### Exercise materials
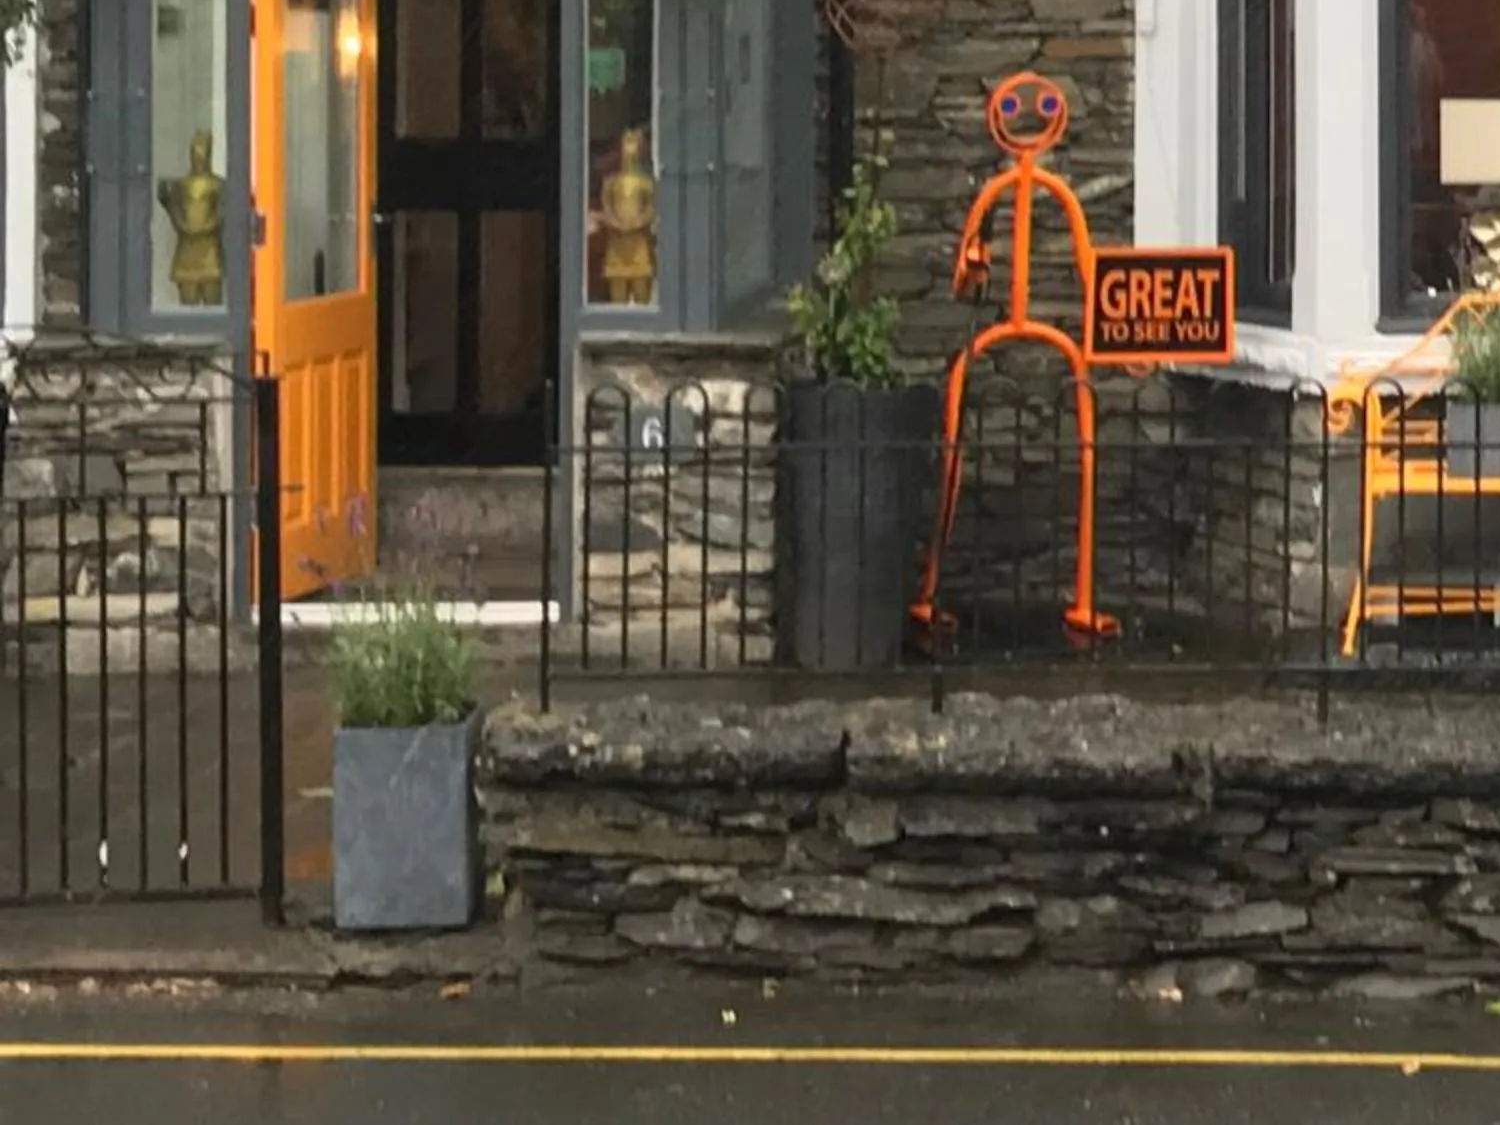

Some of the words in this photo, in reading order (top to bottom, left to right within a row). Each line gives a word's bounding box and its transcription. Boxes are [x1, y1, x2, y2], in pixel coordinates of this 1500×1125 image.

[1101, 269, 1220, 319] GREAT
[1101, 321, 1129, 342] TO
[1133, 321, 1170, 343] SEE
[1174, 321, 1220, 342] YOU
[641, 416, 664, 449] 6

### Required work
Without the pictures, set down every entry exactly.

### Solution to the problem
Some of the words in this photo, in reading order (top to bottom, left to right within a row). Each line gives a word's bounding box and its transcription. Boxes are [x1, y1, x2, y2], in pixel coordinates of this 1500×1125 image.

[1101, 269, 1220, 319] GREAT
[1101, 321, 1129, 342] TO
[1133, 321, 1170, 343] SEE
[1174, 321, 1220, 342] YOU
[641, 416, 664, 449] 6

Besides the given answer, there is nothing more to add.